Skip to 1 minute and 43 secondsNow looking from the front, you get another factor. Look at my lower legs, look at the position of my feet, and you'll see that I place my feet further apart than Ali. This is a natural reaction of elderly people to a feeling of instability. If you can see my whole body, essentially at this point, I'm balancing on my leg. I can't stay here very long because at this point, I'm balancing - as you can see, I need to bring my foot down. And now, what's called my base of support is the space between my two feet. But watch me when I start walking, and you'll find I start doing that because I'm insecure about my balance.
Skip to 2 minutes and 31 secondsAnd actually, this is the very worst thing that old people could do. But even I, who know something about it, make that mistake. We're losing brain cells. We're losing acuity of vision. We're losing our colour sensitivity. We're losing - and this, for anyone who's ageing, must ring true - our ability to look at things in low-light. I can no longer read easily in low-light situations although I'm blessed with relatively good eyesight. Looking at fast-moving objects presents challenges for older people. Listening to sounds presents problems for older people. And, of course, as we get older, we're moving more in urban environments because we can't as easily walk out in the countryside.
Skip to 3 minutes and 19 secondsSo a greater amount of our time is spent walking in cluttered environments with lots of sound, lots of noise. Then on top of that, what do old people like myself need to do a lot of the time? Cross roads. Talk to an old person, what they don't like to do is cross roads. Talk to me, I hate it. What we have simulated in this lab here is actually starting to look at that, which is the big problem which old people have with ground irregularities. And this is a good case in point. For old people, being able to detect irregularities in the ground, both with vision, is difficult because the contrast between the plates we've got there, for example, is reduced.

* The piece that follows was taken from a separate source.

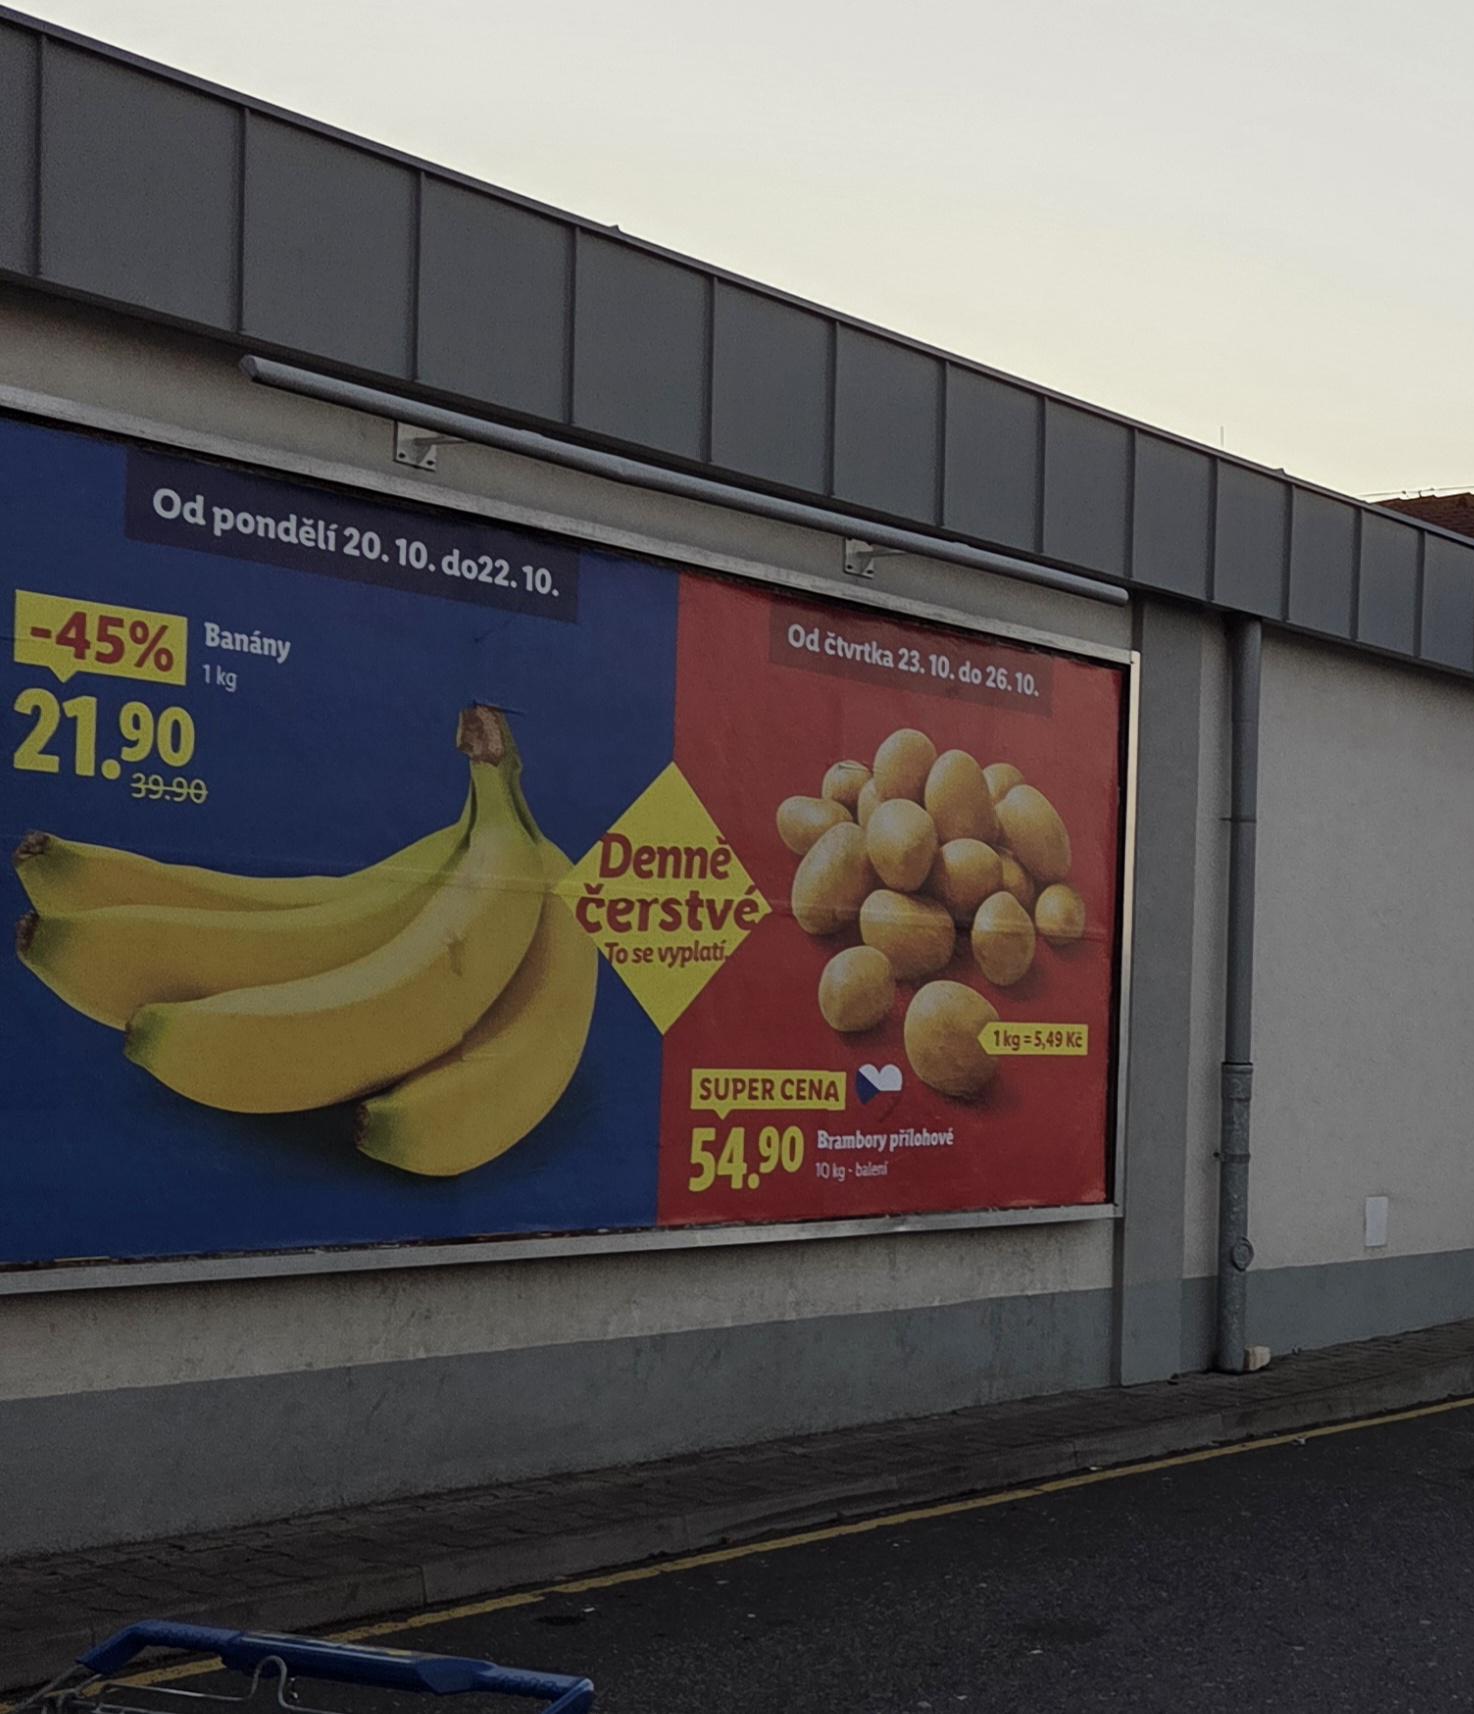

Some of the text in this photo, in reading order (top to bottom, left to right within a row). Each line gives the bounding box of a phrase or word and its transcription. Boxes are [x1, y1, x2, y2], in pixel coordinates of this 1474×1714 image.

Skip to 4 minutes and 3 seconds3D vision is not as good as it was. So we can't really, again, detect the height differences. If we're crossing a road, we're maybe watching out for a car moving. We're not very good at tracking car speed. If you survey old people, what are they most scared about, what keeps them from healthy exercise, it's being safe on pavements and safe in crossing roads. It's said time, and time, and time again for elderly people living in the community. Now a different situation, of course, with elderly people living in care, where almost a lack of stimulation becomes a problem. You're no longer challenging your brain at all.
Skip to 4 minutes and 43 secondsSo there is a balance to be made between enough stimulation because we need stimulation - we need reference, as I've said, for walking - and too little stimulation. Young people, have you tried walking, as I do normally, with two walking sticks and trying to carry some shopping? I bet you can't do it. It's dreadful. It's awful. A lot of people who are not elderly don't recognise that. And this is one of the everyday problems in helping elderly people live normal lives is to deal with simple things like going shopping. And that's where our focus should be. What's normal? What's healthy? How can people enjoy their lives? And how can we ensure lifelong well-being?
How does the way we walk change with age?
Gait disturbances are a common medical problem in old age. After the age of 70, 35% of people have abnormal gait and after 85, gait changes are found in the majority of people. In this video, we rejoin Professor Robin Crompton to discuss some of the common symptoms and impacts of changing gait.
Robin compares his own gait with that of a younger volunteer. As Robin walks, notice his slower gait speed and shorter stride length; these are common occurrences in older people.
Reduced mobility markedly impairs quality of life and can worsen many of the symptoms associated with gait disturbances. Robin discusses some of the everyday tasks that he struggles with, such as crossing roads and carrying shopping.
Can you think of any other challenges? Are there any tasks that you or someone you know finds difficult?